Simplest Way Of Executing A Non-blocking (async) Python AGI Script?
I use a python AGI which pulls some info from a web service, which should take half a second.
Sometimes, it takes 5-10 seconds which blocks the dialplan execution, but the dialplan should continue immediately as it’s not dependent on the AGI/web service data.
What’s the simplest, easiest quickest least-code way of firing off an AGI
with some variable, and then returning to the dialplan?
I’ve seen people talking about fastAGI, stasis, python ASYNC… all seems rather complicated. I feel I must be missing something embarrassingly obvious – isn’t there just the equivalent of the unix shell’s “&”?!
Thanks.
(I’m using pyst2 if it matters)
5 thoughts on - Simplest Way Of Executing A Non-blocking (async) Python AGI Script?
Write your python code to fork() the lookup to a child process, and let the parent return immediately to Asterisk.
Not inside Asterisk, no.
Antony.
You have to use the “fork” command. This starts a copy of the process with all the same internal state including variables and filehandles. The command returns a non-zero value (which is the PID of the child process; you may need this, if you plan to outlive your children and have to clear their entries from the process table) to the parent process, and zero to the child process.
So in the parent, you exit and return to the dialplan; and in the child, you close STDIN, STDOUT and STDERR (so no process is waiting for you to produce output), then just take your time doing what you have to. The parent is already long dead by this time, so exiting goes nowhere.
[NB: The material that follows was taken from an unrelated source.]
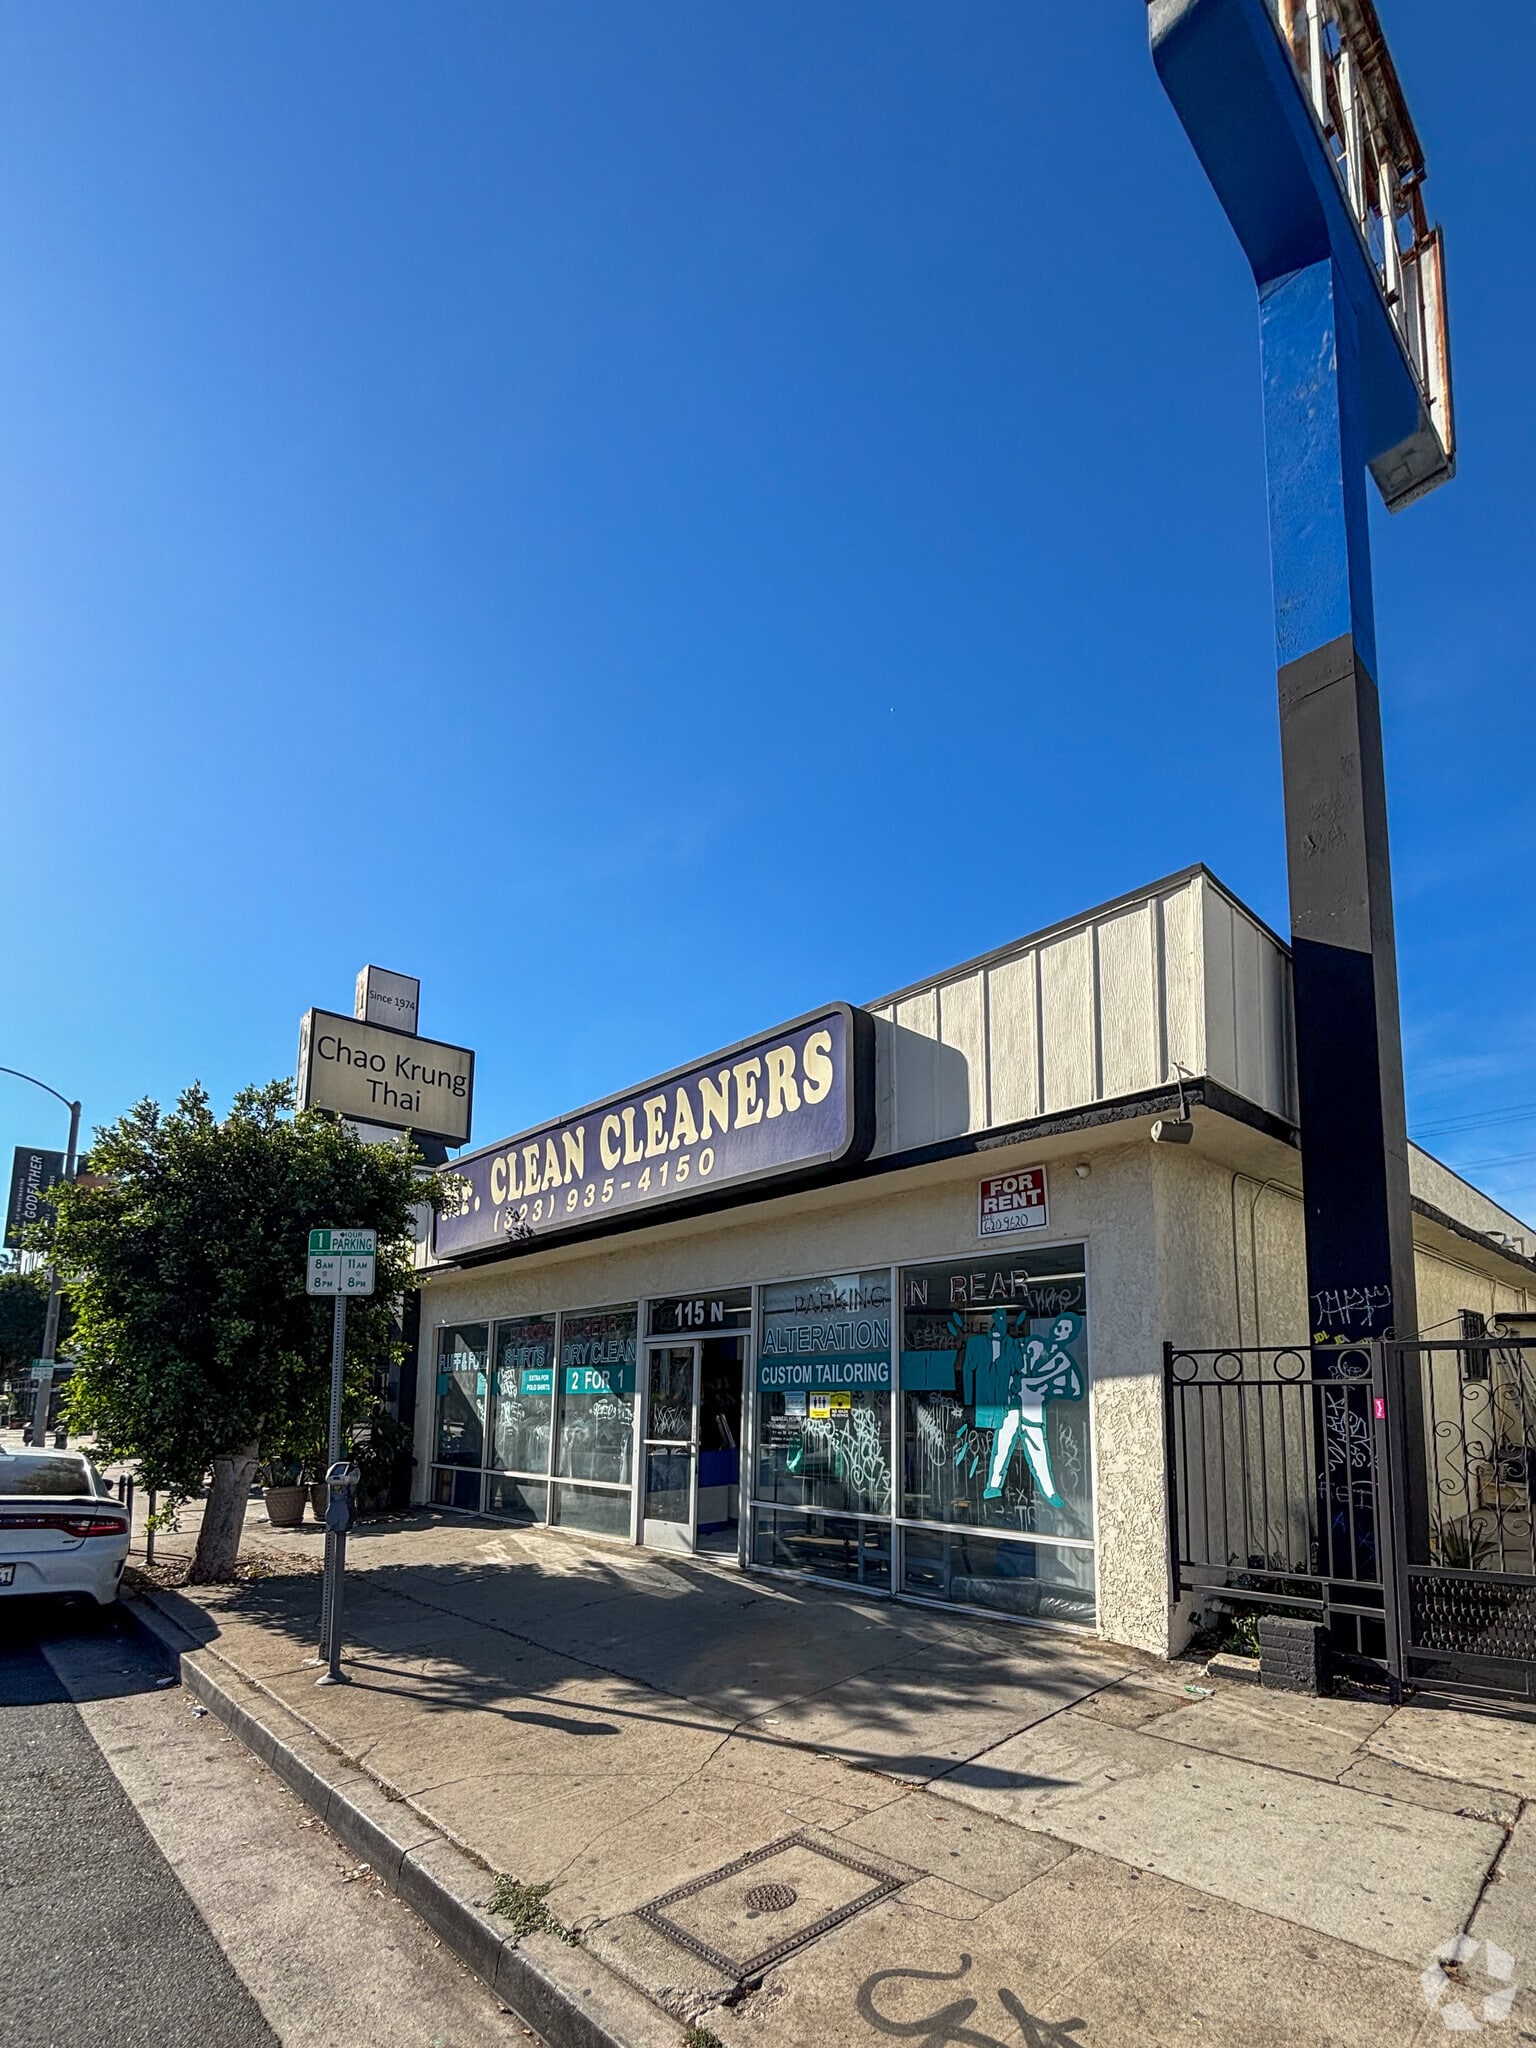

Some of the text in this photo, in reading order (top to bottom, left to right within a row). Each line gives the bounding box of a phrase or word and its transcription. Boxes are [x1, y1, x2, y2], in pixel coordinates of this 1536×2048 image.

Yes, fork! That is what the “&” operator is using “under the bonnet”.
OK, I give up and come grovelling, “Fork” was suggested at 18:23, it’s now 22:20 and I have been through 4 different methods, all block with a 2 second delay before returning to dialplan.
Here are just some of the examples I have tried, as as per the suggestions, I am closing all possible outputs in the forked process.
https://docs.python.org/3.5/library/multiprocessing.html https://docs.python.org/3.5/library/multiprocessing.html?highlight=multiprocessing#multiprocessing.Process.join https://stackoverflow.com/questions/19747371/python-exit-commands-why-so-many-and-when-should-each-be-used https://stackoverflow.com/questions/27624850/launch-a-completely-independent-process https://stackoverflow.com/questions/13612434/why-are-the-methods-sys-exit-exit-raise-systemexit-not-working https://stackoverflow.com/questions/43280947/os-fork-share-local-variable-with-parent https://stackoverflow.com/questions/24052217/may-someone-explain-the-following-os-fork-example-to-me http://www.python-course.eu/forking.php https://pymotw.com/3/subprocess/
http://code.activestate.com/recipes/186101-really-closing-stdin-stdout-stderr/
This is the most likely looking code based on the examples. I would really, really appreciate a couple of pointers as to where I might be going wrong:
#! /usr/bin/env python3
# -*- coding: utf-8 -*-
import multiprocessing as mp import time import sys import os
#from asterisk.agi import AGI
#agi = AGI()
def f(name):
sys.stdin.close()
sys.stdout.close()
sys.stderr.close()
os.close(0) # close C’s stdin stream
os.close(1) # close C’s stdout stream
os.close(2) # close C’s stderr stream
time.sleep(2)
f = open(‘/var/lib/asterisk/agi-bin/tns/testing/testout.txt’, ‘w’)
f.write(name)
f.close()
if __name__ == ‘__main__’:
print(‘before process’)
mp.set_start_method(‘fork’)
q = mp.Queue()
p = mp.Process(target=f, args=(‘asterisk’,))
p.start()
sys.exit()
Take a look on that:
https://issues.asterisk.org/jira/browse/ASTERISK-20532
Regards, Marcelo H. Terres
IM: mhterres@jabber.mundoopensource.com.br https://www.mundoopensource.com.br https://twitter.com/mhterres https://linkedin.com/in/marceloterres
Oh wow – thank you SO much Marcelo.
This works perfectly – exactly as I wanted. Don’t think I’d have figured it out, though.
Well, that ticket says “not a bug” if this isn’t a bug, then
“behaviour which differs dramatically from that which is expected”
would definitely be the tag.
Again, this fix works, and thank you!